Overactivation of monocyte-derived macrophages and hyperactivity of inflammation in COVID-19. Several mechanisms can cause the overactivation of macrophages seen in patients with COVID-19. A delayed response by type I interferons leads to enhanced cytopathic effects of microbial threats and promotes the enhanced release of monocyte chemokines by alveolar epithelial cells, resulting in the recruitment of blood monocytes in the lungs. Monocytes differentiate into TH17-like proinflammatory macrophages through the activation of the Janus kinase (JAK)-signal transducer and activator of transcription 3 (STAT3) pathways. Proinflammatory cytokines, including granulocyte-macrophage colony-stimulating factor (GM-CSF), tumor necrosis factor-α (TNFα), and interferon-γ (IFNγ), further promote the recruitment and activation of monocyte-derived macrophages. Oxidized phospholipids (OxPLs) accumulate in infected lung epithelial cells and activate monocyte-derived macrophages through the Toll-like receptor 4 (TLR4)–TRAF6–NFκB pathway. IgG1 is the host antiviral neutralizing antibody, and RNA viruses usually mislead the infected host to produce non-neutralizing IgG3 antibodies. The binding virus and the IgG3 antibody can be taken up by the Fcγ receptor (CD64 or CD32) of macrophages.
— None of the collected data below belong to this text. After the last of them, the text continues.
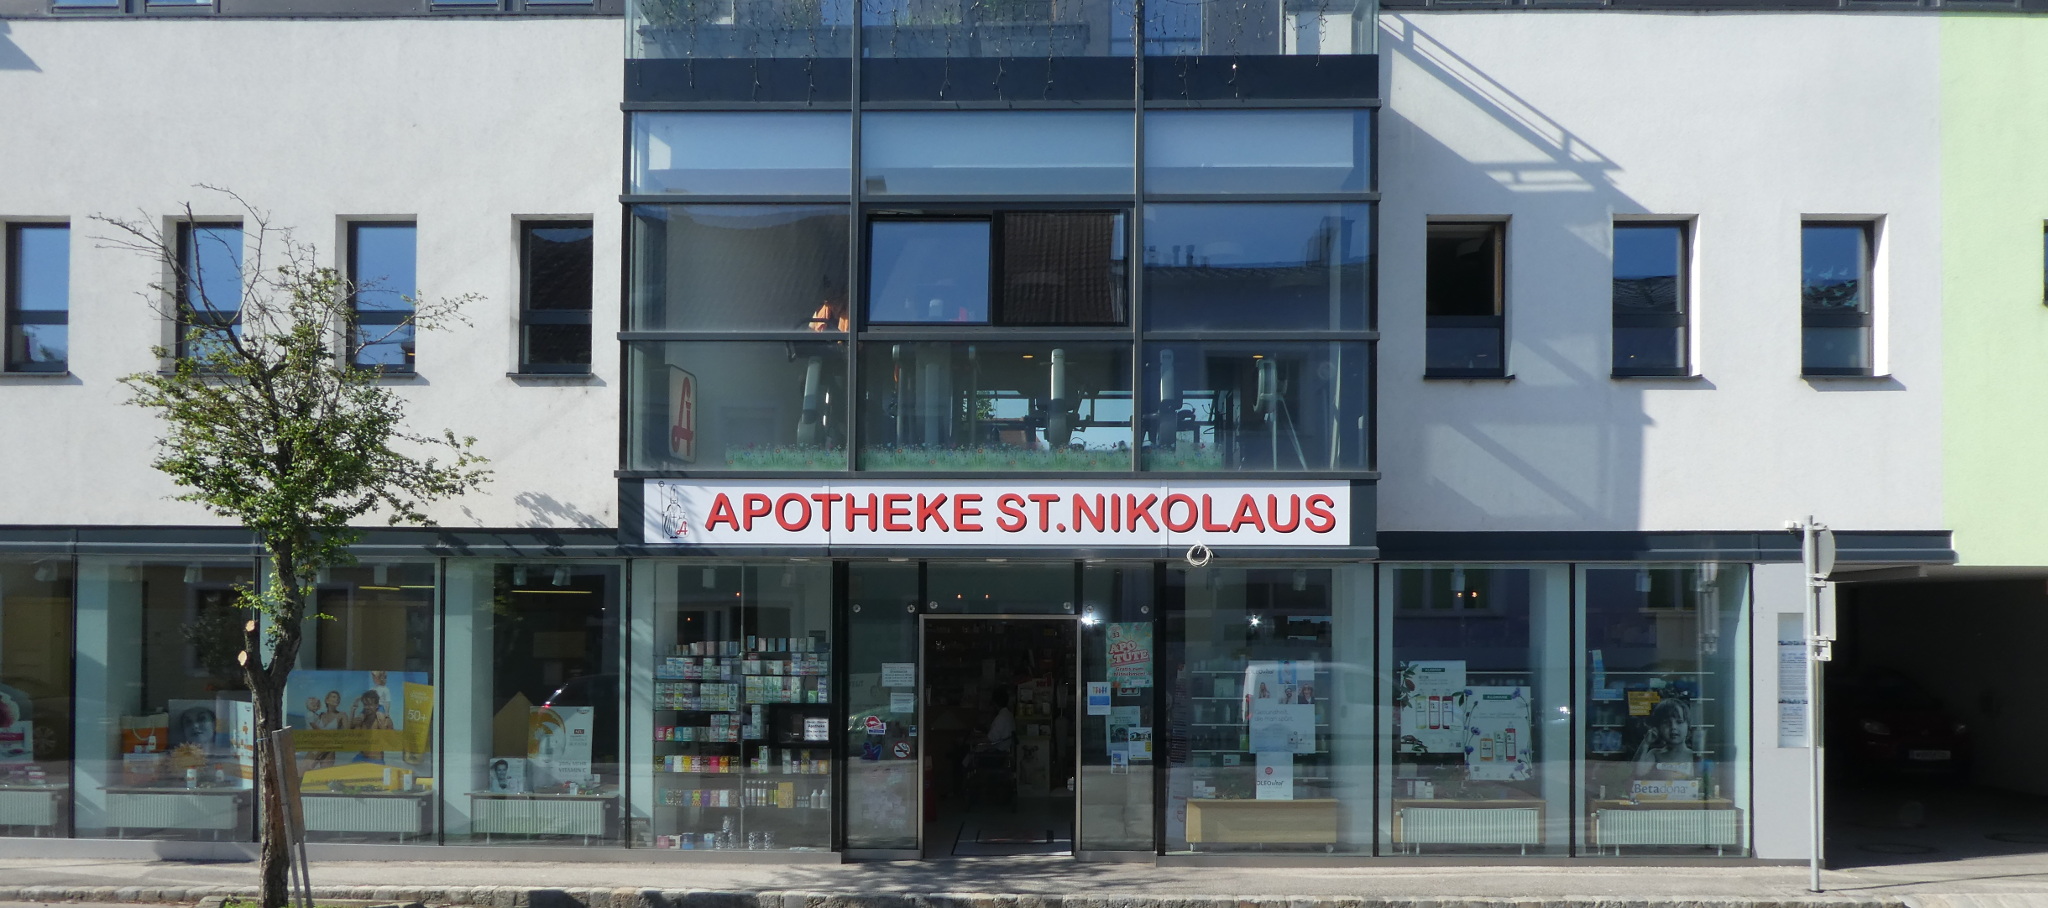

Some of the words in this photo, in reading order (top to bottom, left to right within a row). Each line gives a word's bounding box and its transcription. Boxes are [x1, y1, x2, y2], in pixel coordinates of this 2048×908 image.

[704, 492, 984, 534] APOTHEKE
[995, 492, 1337, 535] ST.NIKOLAUS
[1109, 640, 1137, 654] APO
[407, 709, 427, 721] 50+
[1634, 783, 1687, 794] Betadona
This process is called antibody-dependent enhancement (ADE). This enables the virus to gain access in order to infect macrophages and to activate the NLRP3 inflammasome, causing the secretion of mature IL-1β and IL-18. Interleukin-1β can enhance the activation of macrophages in an autocrine or paracrine manner, and it also reduces type I interferon production. Activated monocyte-derived macrophages contribute to the COVID-19 cytokine storm by releasing numerous proinflammatory cytokines. CCL, CC-chemokine ligand; CXCL10, CXC-chemokine ligand 10; ISG, interferon-stimulated gene; ITAM, immunoreceptor tyrosine-based activation motif; TRAM, TRIF-related adaptor molecule.